Many recruiters lose too many good candidates at the beginning of the sourcing and recruiting process, due to lack of basic recruiting skills. As a result, they work too hard screening more candidates than necessary and lowering overall candidate quality, since they let the best ones get away without a fight. The problem starts by not responding properly to the "what's the job?" or "what's the comp?" question when first engaging with a hot prospect.
When calling a prospect you don't know, especially a passive candidate, the person is first naturally going to ask a few basic screening questions just to see if the job is even in the ballpark. These include what's the comp, company, title, and location. Rather than handle this head-on, change the way of first engagement with the person you don't know. The process goes something like this:
- Start by asking a career-oriented quest ion. Rather than asking prospects if they're interested in a specific job, ask if they'd be open to explore a situation if it offered a superior career opportunity. This changes the whole nature of the ensuing conversation by focusing on career strategy, instead of tactics.
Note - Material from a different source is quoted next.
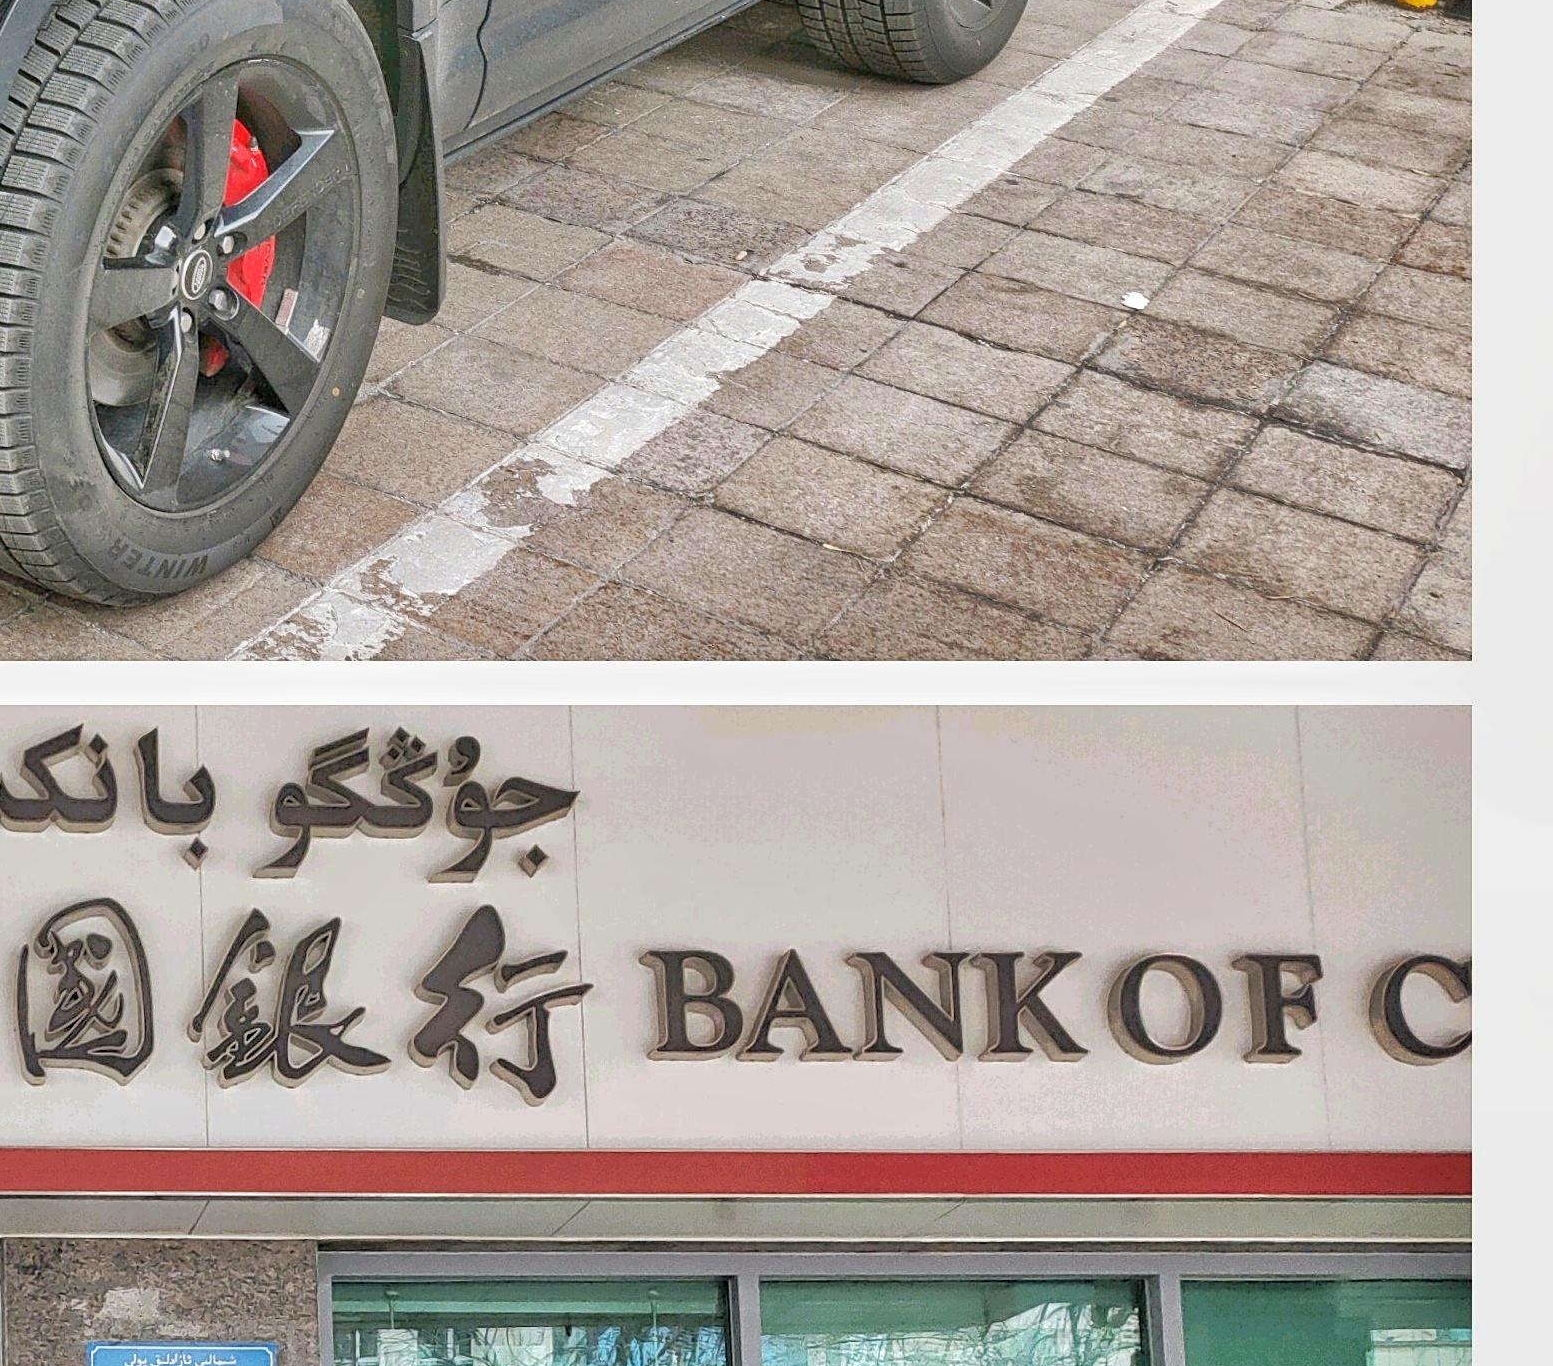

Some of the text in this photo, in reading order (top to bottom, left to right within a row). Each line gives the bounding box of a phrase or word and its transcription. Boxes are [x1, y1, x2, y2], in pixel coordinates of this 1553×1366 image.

- Don't rush it. Recognize that converting a top prospect, especially a passive candidate, into a hot candidate involves a series of information-sharing conversations. At the end lies a potential career move. If you rush it, the candidate is forced to use some type of tactical decision-making process before learning what you really have to offer.
- Deflect the "show-me-the-money" question. For this step, you'll need to reframe the conversation. One way to do this is to suggest that by focusing on the money, the person might be making a long-term decision using short-term information. Then go on to suggest that the criteria a person is likely to use to engage in an initial conversation is not the same as that used to make a yes or no about an offer.
- Persist — no "no's." If these techniques don't work exactly as described, you'll need to fight through the "not interested" candidate response. In this case, invoke some type of attention-getting mechanism like saying "that's exactly why we should talk." Then start over with Step 1 above.
Too many recruiters don't recruit. Either because they don't know how, or they have too many reqs to handle. Regardless, lack of fundamental recruiting skills requires them to contact more people than necessary, letting some of their best prospects get away. Remember, you'll never have enough top candidates nor enough money. This situation is likely to get worse as the demand for top talent increases. In the end, never forget it's never about the money, it's always about the career path. More important, make sure your candidates never forget it, either.